Intanto nel paese continuano le epurazioni: si è appreso che nei giorni scorsi 586 alti ufficiali delle Forze armate turche sono stati congedati per ordine del Consiglio supremo militare. In seguito al fallito golpe migliaia di ufficiali delle Forze armate, tra cui circa 200 generali, sono stati sospesi dal loro incarico per sospetti legami con l’organizzazione facente capo al predicatore Fethullah Gulen, in esilio negli Stati Uniti. Secondo il governo di Ankara dominato dal Partito giustizia e sviluppo (Akp) Gulen sarebbe la principale mente del tentato golpe del 15 luglio e proprio per questo continuano le critiche nei confronti degli Usa per l’attendismo sulla sua estradizione. Sinora Washington ha sempre rifiutato di concedere l’estrazione al religioso turco, che in passato è stato un sostenitore del presidente Recep Tayyip Erdogan e poi è divenuto suo rivale, negando il suo coinvolgimento nel golpe. Il primo ministro della Turchia Binali Yildirim ha detto che Ankara non può scendere a compromessi con gli Stati Uniti sulla richiesta di estradizione nei confronti di Gulen. “La presa di posizione degli Stati Uniti si sta allentando”, ha aggiunto Yildirim.

Intanto nella giornata di ieri centinaia di civili che risiedono vicino al confine con la Siria sono stati fatti evacuare per permettere all’artiglieria turca di procedere con i bombardamenti anti-Isis. Dopo i bombardamenti di Ankara sulle basi dell’Isis  e sulle milizie curde Ypg, 1500 ribelli siriani si sono radunati a Gaziantep, pronti a lanciare un’offensiva.

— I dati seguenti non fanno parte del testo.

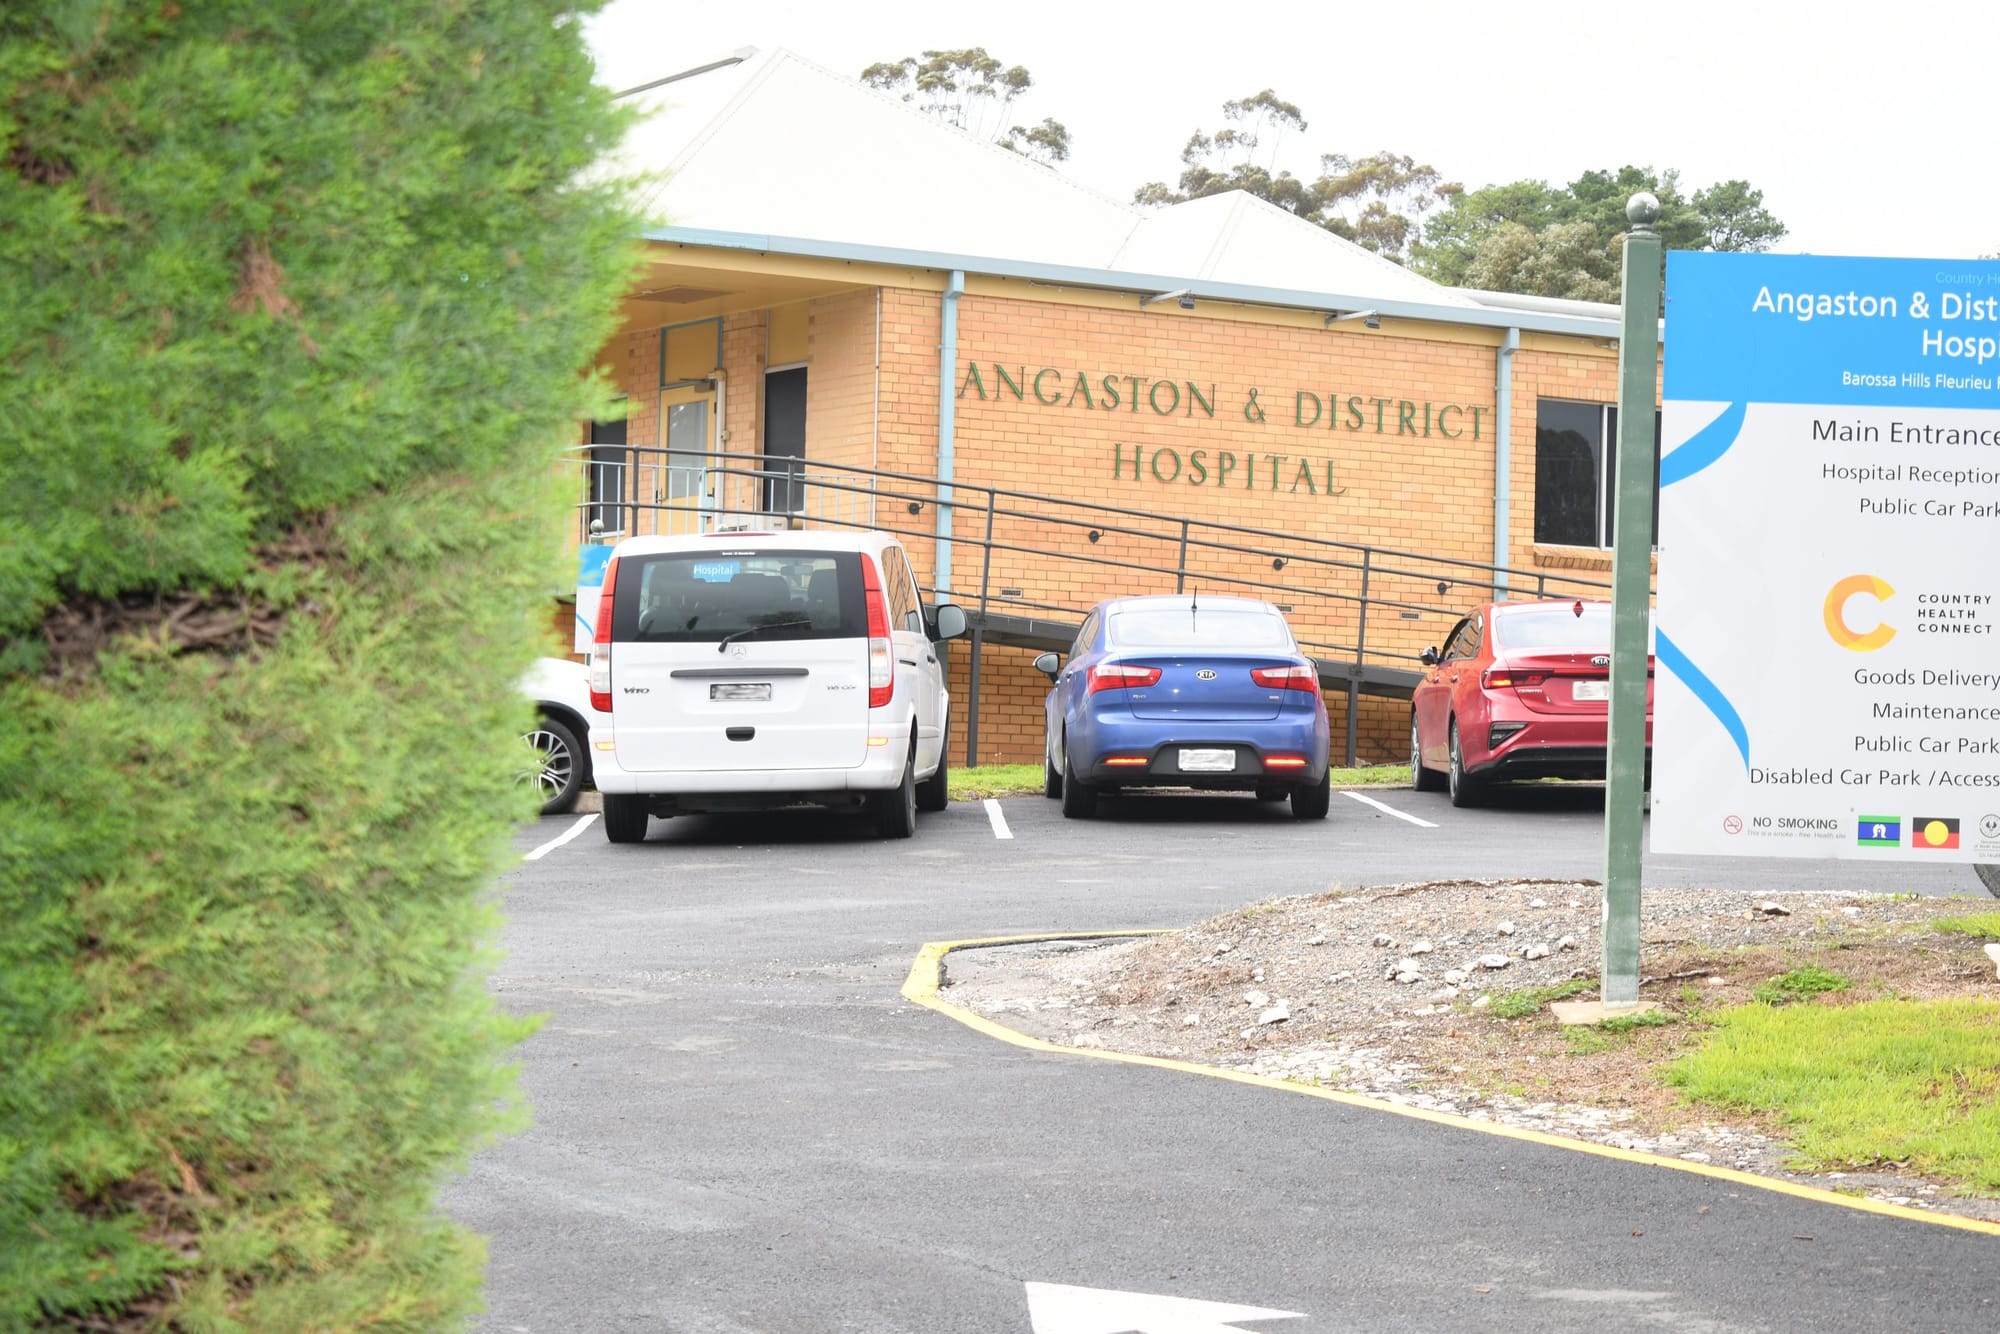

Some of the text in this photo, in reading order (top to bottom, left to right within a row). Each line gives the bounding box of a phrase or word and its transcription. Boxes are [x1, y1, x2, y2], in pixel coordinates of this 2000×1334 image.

[1935, 271, 1984, 287] Country
[1752, 285, 1898, 322] Angaston
[1909, 291, 1930, 319] &
[1842, 371, 1897, 388] Barossa
[1901, 371, 1931, 389] Hills
[1935, 373, 1992, 390] Fleurieu
[957, 360, 1489, 441] ANGASTON & DISTRICT
[1812, 420, 2000, 447] Main Entrance
[1113, 442, 1348, 496] HOSPITAL
[1822, 463, 1901, 484] Hospital
[1859, 497, 1918, 516] Public
[1924, 499, 1956, 516] Car
[693, 563, 734, 577] Hospital
[1918, 594, 1992, 605] COUNTRY
[1917, 608, 1976, 619] HEALTH
[1917, 623, 1993, 634] CONNECT
[1854, 668, 2000, 691] Goods Delivery
[1872, 702, 2000, 721] Maintenance
[1854, 736, 2000, 754] Public Car Park
[1750, 767, 1833, 786] Disabled
[1840, 768, 1873, 786] Car
[1879, 768, 1921, 786] Park
[1752, 816, 1839, 830] NO SMOKING
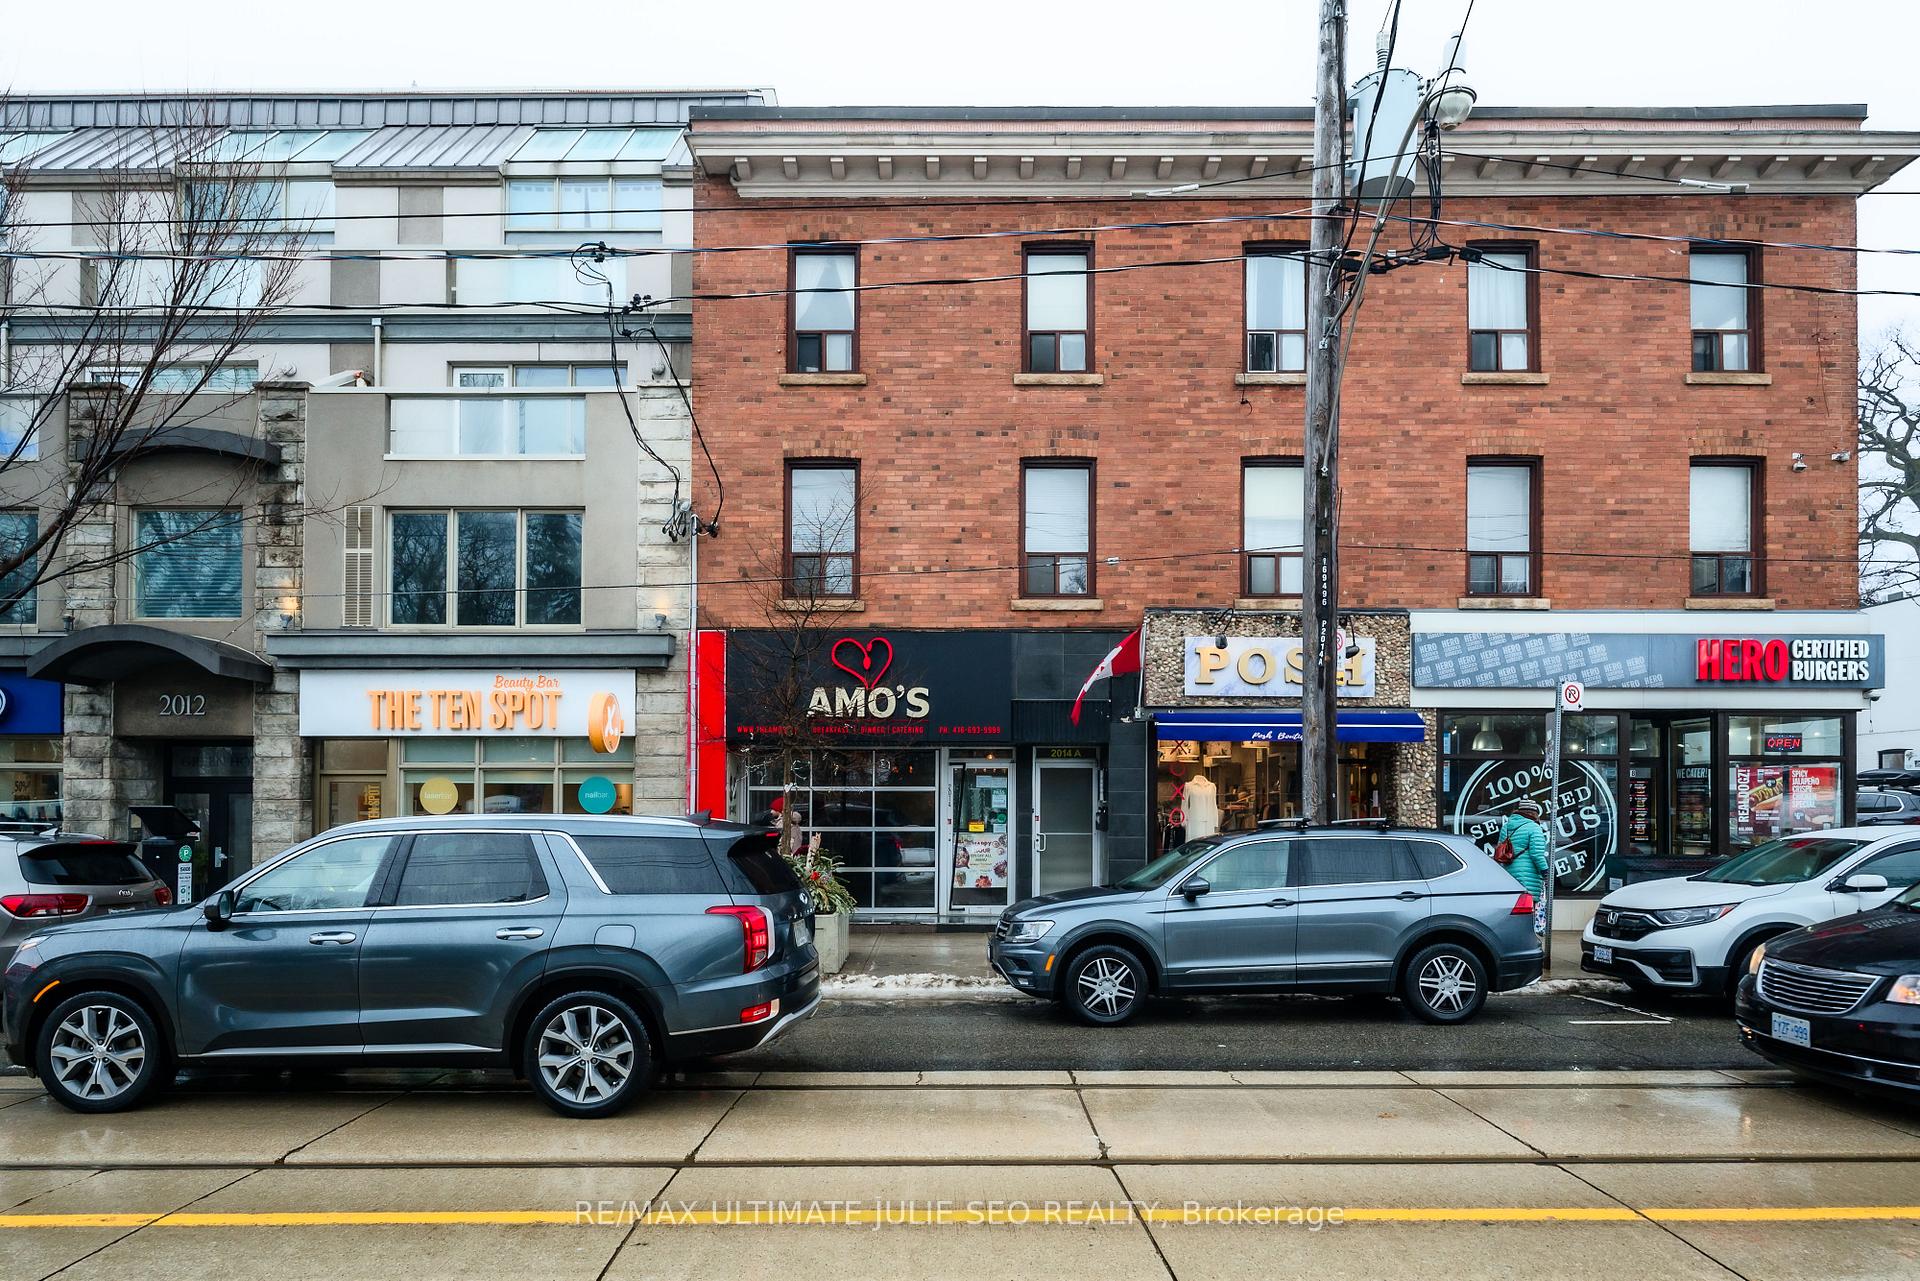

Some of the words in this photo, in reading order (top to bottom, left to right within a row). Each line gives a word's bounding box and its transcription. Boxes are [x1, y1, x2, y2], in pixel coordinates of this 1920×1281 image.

[1318, 620, 1327, 666] P2014A
[1792, 639, 1870, 658] CERTIFIED
[1697, 639, 1789, 681] HERO
[1792, 660, 1870, 681] BURGERS
[494, 674, 534, 692] Beauty
[537, 675, 560, 689] Bar
[159, 694, 207, 717] 2012
[368, 689, 421, 731] THE
[428, 689, 482, 731] TEN
[489, 689, 562, 731] SPOT
[806, 685, 930, 719] AMO'S
[892, 726, 924, 734] CATERING
[1051, 749, 1072, 758] 2014
[1074, 750, 1082, 758] A
[1767, 738, 1801, 748] OPEN
[1485, 763, 1554, 800] 100%
[1676, 768, 1685, 778] WE
[1686, 768, 1708, 778] CATER!
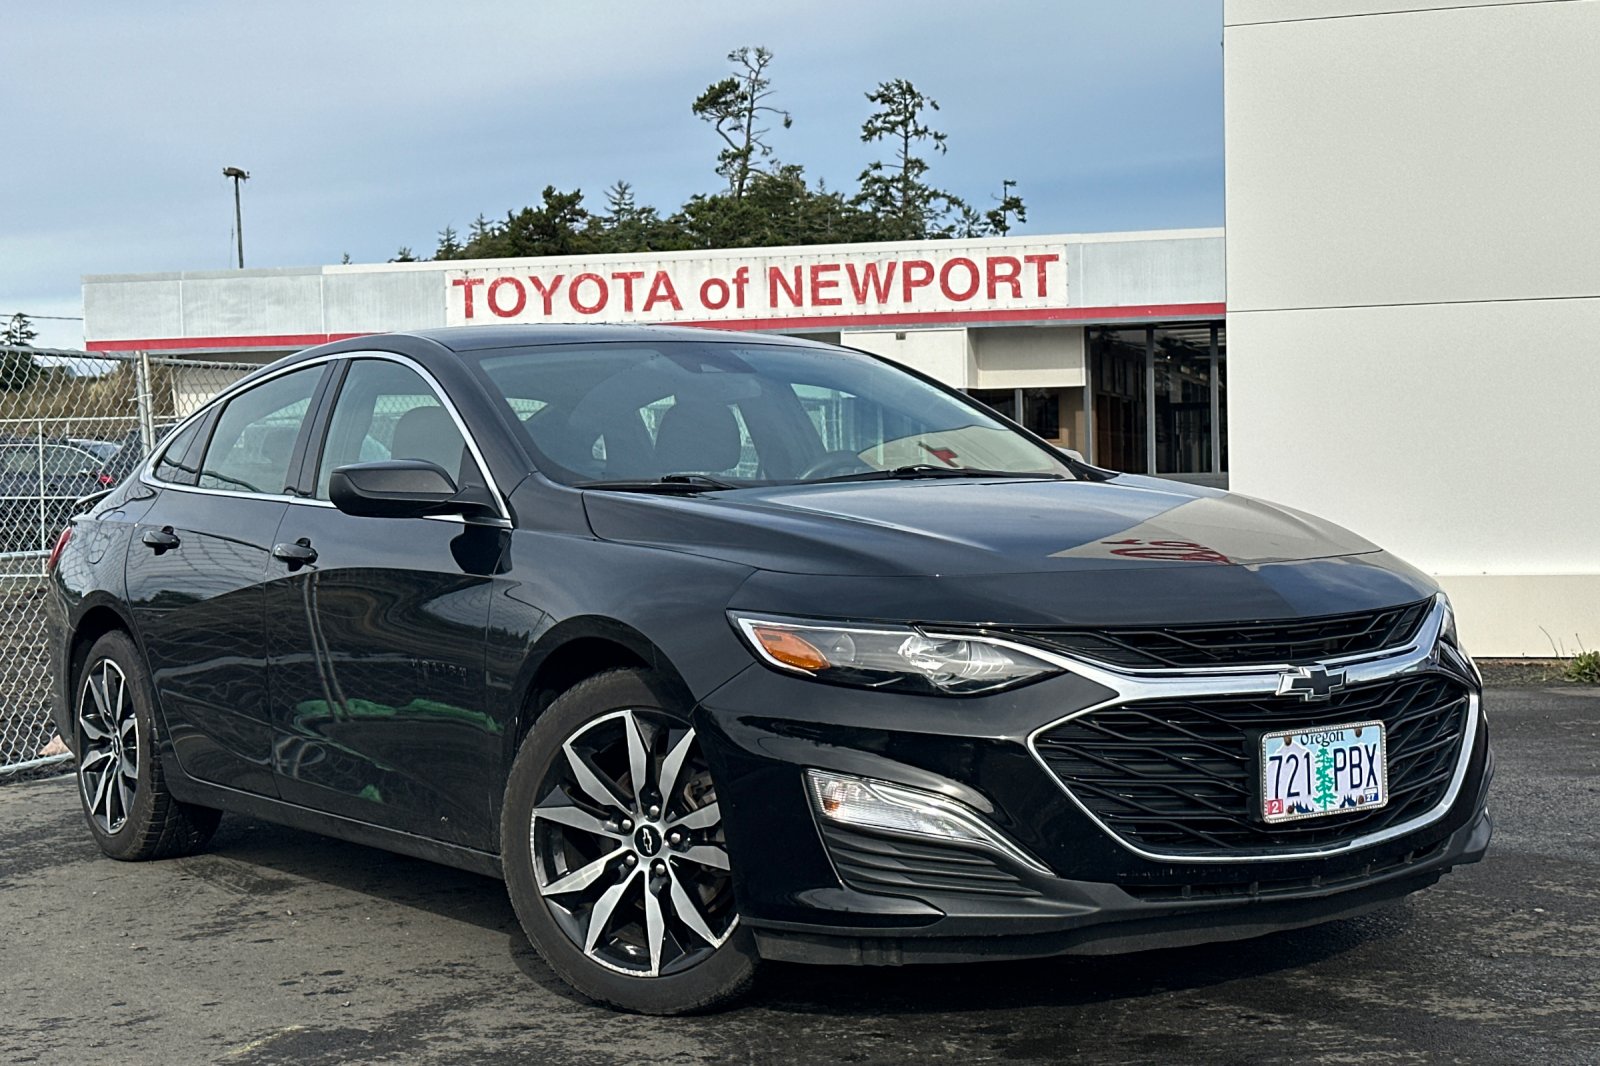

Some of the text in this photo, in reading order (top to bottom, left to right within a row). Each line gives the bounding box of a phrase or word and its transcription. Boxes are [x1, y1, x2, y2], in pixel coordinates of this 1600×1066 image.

La Turchia si trova quindi tra due fuochi: Erdogan infatti è preoccupato della creazione in Siria di un’entità curda che possa costituire un magnete per l’irredentismo del Kurdistan turco. Alberto Negri scrive sul Sole 24 Ore a tale riguardo che Ankara sia di fatto costretta al doppio gioco. “Dopo aver sostenuto per 5 anni i jihadisti in funzione anti-Assad – si legge nell’articolo – il presidente turco ha dovuto prima correre a fare la pace con Putin. Poi, di fronte alla sconfitta nella guerra siriana, con una recente dichiarazione del premier Binali Yildirim si è dichiarato disponibile ad accettare che l’autocrate di Damasco resti al potere per un periodo ‘transitorio’.” Erdogan è costretto quindi a fare un po’ il pendolo tra Est e Ovest, così come la maggior parte dei leader della regione che lottano per sopravvivere.